What have been the biggest benefits to homeschooling? Faith: My Mom did a wonderful job. First, it gave me a really good education, which has helped me a lot in college now. My friends now will say, ‘I blew off courses in high school and now it’s so much harder.’ My first semester in college was, in a way, easier than high school because of how rigorous my education was growing up. You have to have a lot of self-discipline. Once a week, we’d go to a co-op, get our homework for the whole week and have to make our own schedule and figure out how to get everything done by the next week. I didn’t realize how beneficial this would be later in life. Having a classical education, heavy in reading and writing, has helped me so much in writing courses and in general. Homeschooling also instilled in me a love of learning. So even courses that are not necessarily my favorite, I’m still interested in and still want to invest the time studying and learning.

Hope: I don’t think people realize all the awesome activities that go along with homeschooling. I’m a cheerleader, there’s basketball and just about every sport possible. You have the exact same opportunities as regular schooling. The education is really good. I’m at Excel right now, the homeschool co-op, where I go once a week, alternate through classes and get assigned work for the week. Next year I’m planning to take concurrent classes as well so I can get some basic [college] classes out of the way. Grace: It’s really good for training for college. You have to plan out your own work through week to make sure it gets done. It’s fun because there are sports teams and fun activities you get to be involved in. I’ve participated in cheerleading and volleyball. I am also taking biology at Southern Nazarene University, which is great because we get to be in the lab and it’s probably my favorite subject.

What was it like growing up in a family with three girls? How has your relationship grown over the years, especially since Faith left for college? Faith: All three of us are really close, which was definitely a blessing, and part of that was being homeschooled because we were always together. And we grew up in a solid Christian

home. Being in college has changed our relationship, but we’re just as close if not closer than we were growing up. I was ready to go to college and excited to experience life away from what I’d always experienced. I never really experienced homesickness until this past Christmas break, when coming back to school was difficult. I had gotten a lot closer to [my sisters] and got to spend more time with them than during the school year. Though it wasn’t hard initially, now I see it more as they’re maturing and growing older and I’m still moving on with life in Norman. Hope: We’ve always been best friends. We do everything together. It was definitely hard when Faith went off to college because we’re super close, but we get to visit her a lot and she comes back to Edmond a lot. Grace: We’ve all been close all our lives because we’ve been with each other every day since we were homeschooled. We always support each other. Now that Faith is at college, when we get to go to lunch with her in Norman or she comes home, we really value that time that we get to see her.

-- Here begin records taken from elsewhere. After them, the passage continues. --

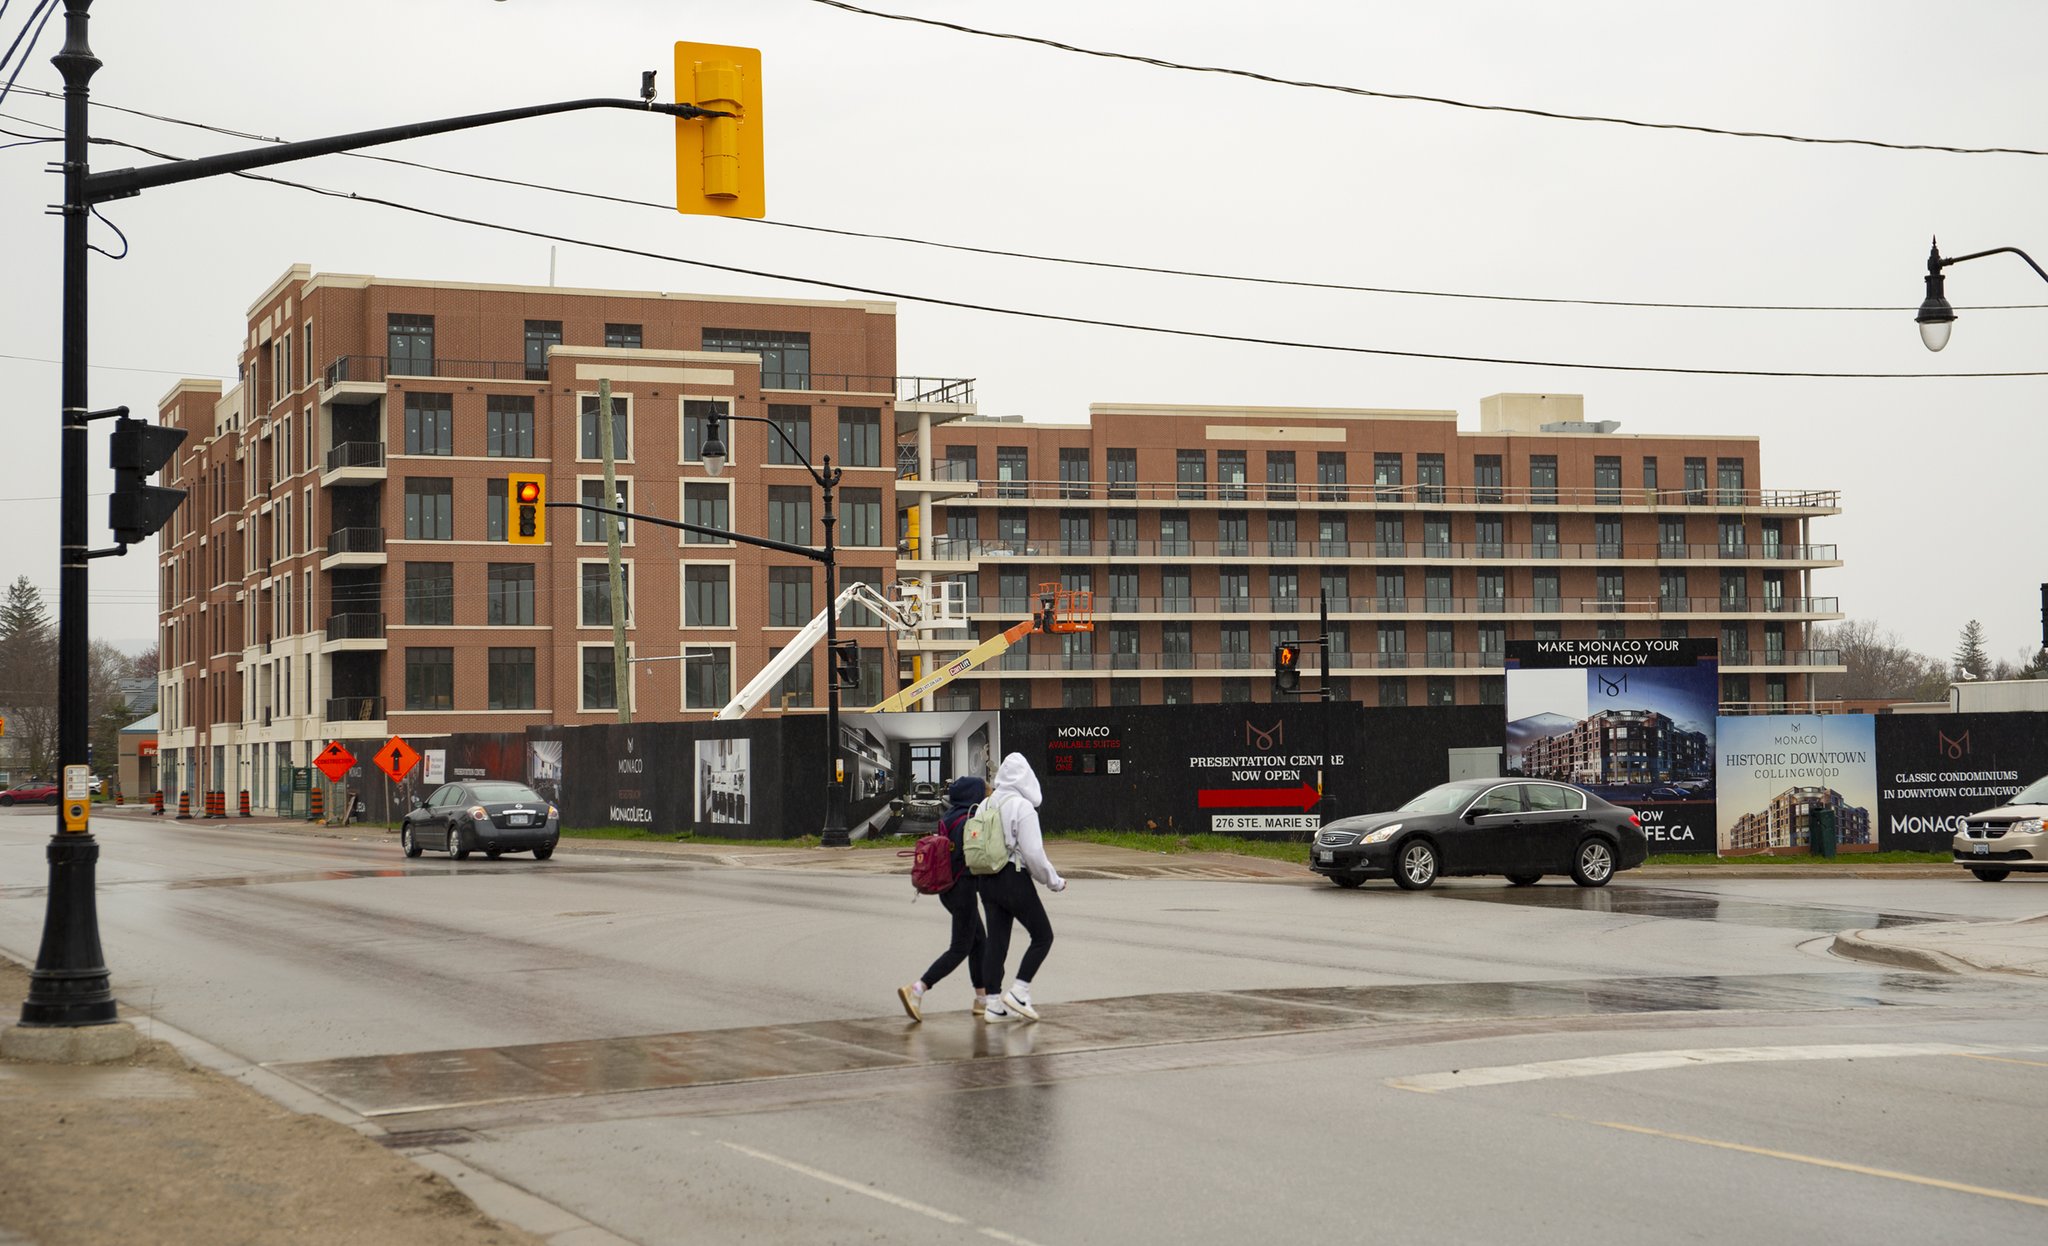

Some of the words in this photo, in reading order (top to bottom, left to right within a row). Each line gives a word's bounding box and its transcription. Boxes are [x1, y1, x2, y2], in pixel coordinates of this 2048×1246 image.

[1537, 641, 1574, 653] MAKE
[1579, 641, 1641, 652] MONACO
[1645, 640, 1679, 651] YOUR
[1569, 654, 1608, 666] HOME
[1613, 654, 1648, 665] NOW
[1058, 726, 1110, 737] MONACO
[1048, 740, 1091, 749] AVAILABLE
[1093, 739, 1120, 748] SUITES
[1775, 735, 1817, 745] MONACO
[1055, 755, 1073, 763] TAKE
[1189, 755, 1286, 767] PRESENTATION
[1726, 753, 1786, 766] HISTORIC
[1790, 751, 1866, 765] DOWNTOWN
[618, 758, 643, 773] MONACO
[1055, 763, 1073, 771] ONE
[1232, 770, 1261, 781] NOW
[1264, 770, 1300, 781] OPEN
[1754, 767, 1839, 779] COLLINGWOOD
[1895, 772, 1937, 783] CLASSIC
[1939, 770, 2018, 782] CONDOMINIUMS
[1884, 789, 1895, 799] IN
[1897, 787, 1957, 799] DOWNTOWN
[1958, 785, 2028, 797] COLLINGWOO
[1215, 818, 1234, 828] 276
[1237, 818, 1262, 828] STE.
[1265, 818, 1302, 828] MARIE
[1305, 817, 1320, 828] ST
[1891, 812, 1973, 834] MONACO
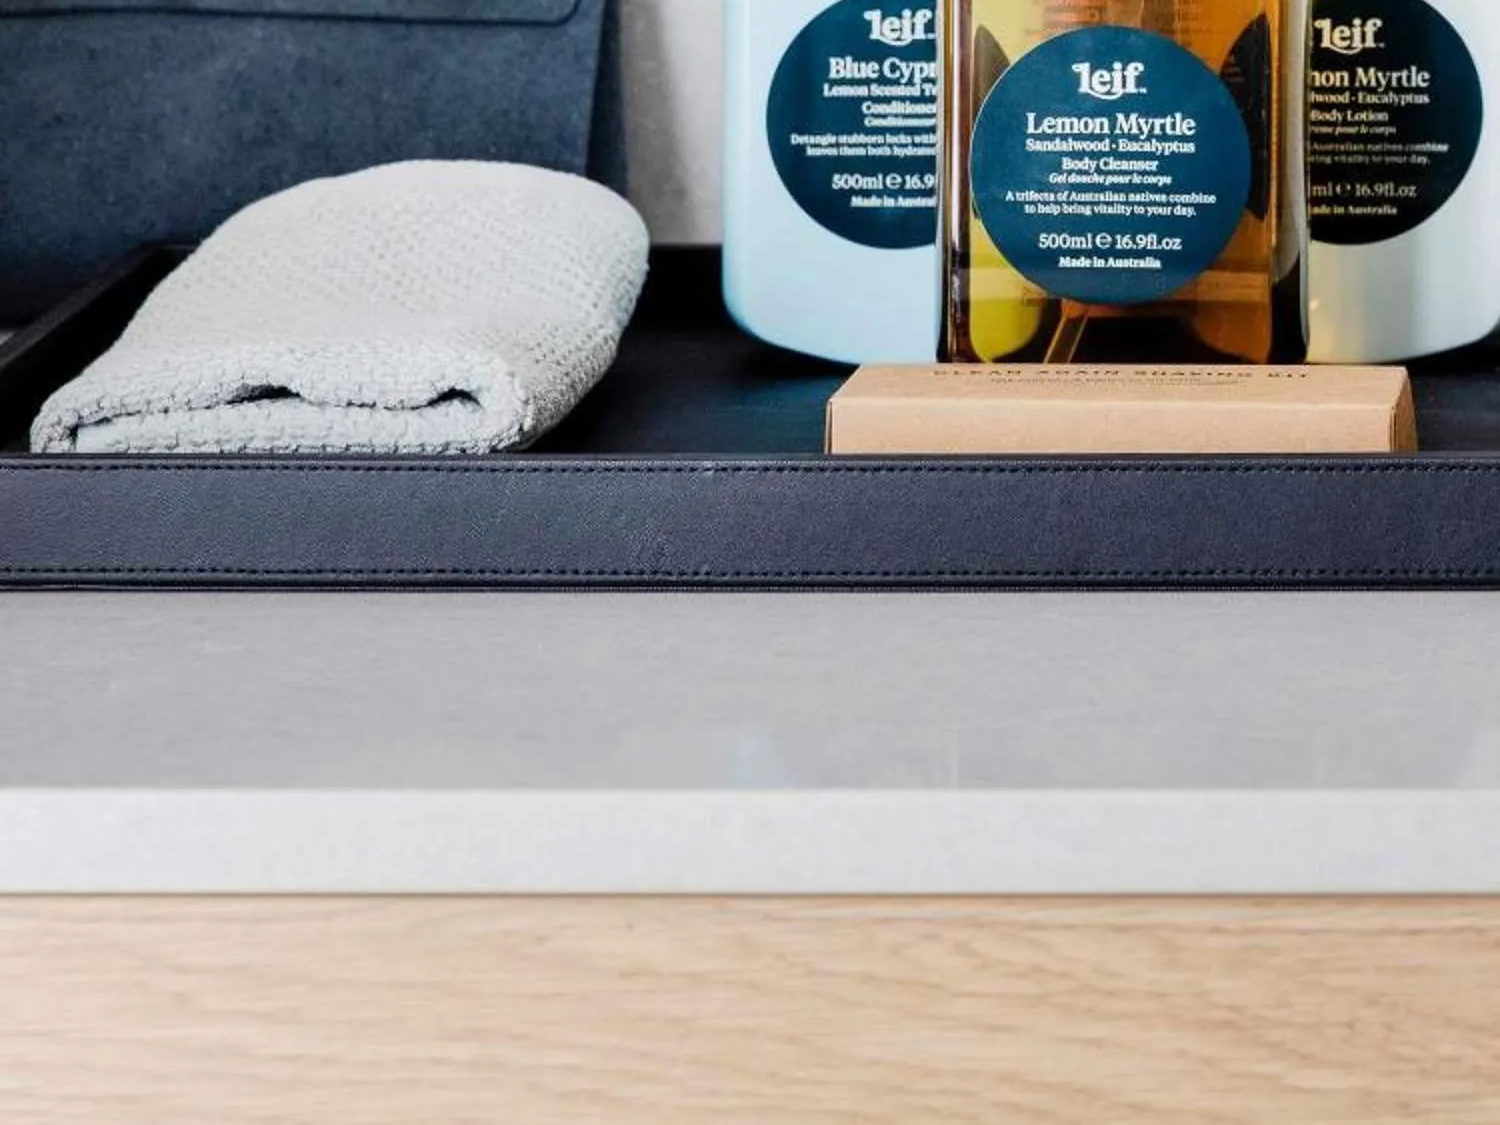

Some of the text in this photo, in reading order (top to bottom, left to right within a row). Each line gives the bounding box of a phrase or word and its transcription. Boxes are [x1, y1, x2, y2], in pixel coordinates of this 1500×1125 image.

What’s the most positive change you’ve seen in the metro since your family was on the cover? Faith: Every time I go back to Edmond, I feel like there are more businesses popping up. It’s more of a place people want to live and do things, and it’s growing socially and economically. Hope: There are so many more options when you want to go hang out with friends. Lots of super fun activity places have come up, like Elevation Trampoline and Main Event and that’s been a huge improvement. Grace: I think all the fun coffee shops have been a pretty recent thing. There are a lot more activities now.

What’s your favorite thing to do together? Faith: We are really outdoorsy. We loved to be outside even when we were little; that was a big part of our upbringing and has continued into our relationship now. We love four-wheeling, exploring. During the summer we go to the lake a lot, and the few times it snows we like to go sledding. Hope: Probably shopping. We go to different thrift stores and find the best bargains. Grace: We really enjoy going on bike rides at Mitch Park. Also as a family we’ve run in the relay for the OKC Memorial Marathon.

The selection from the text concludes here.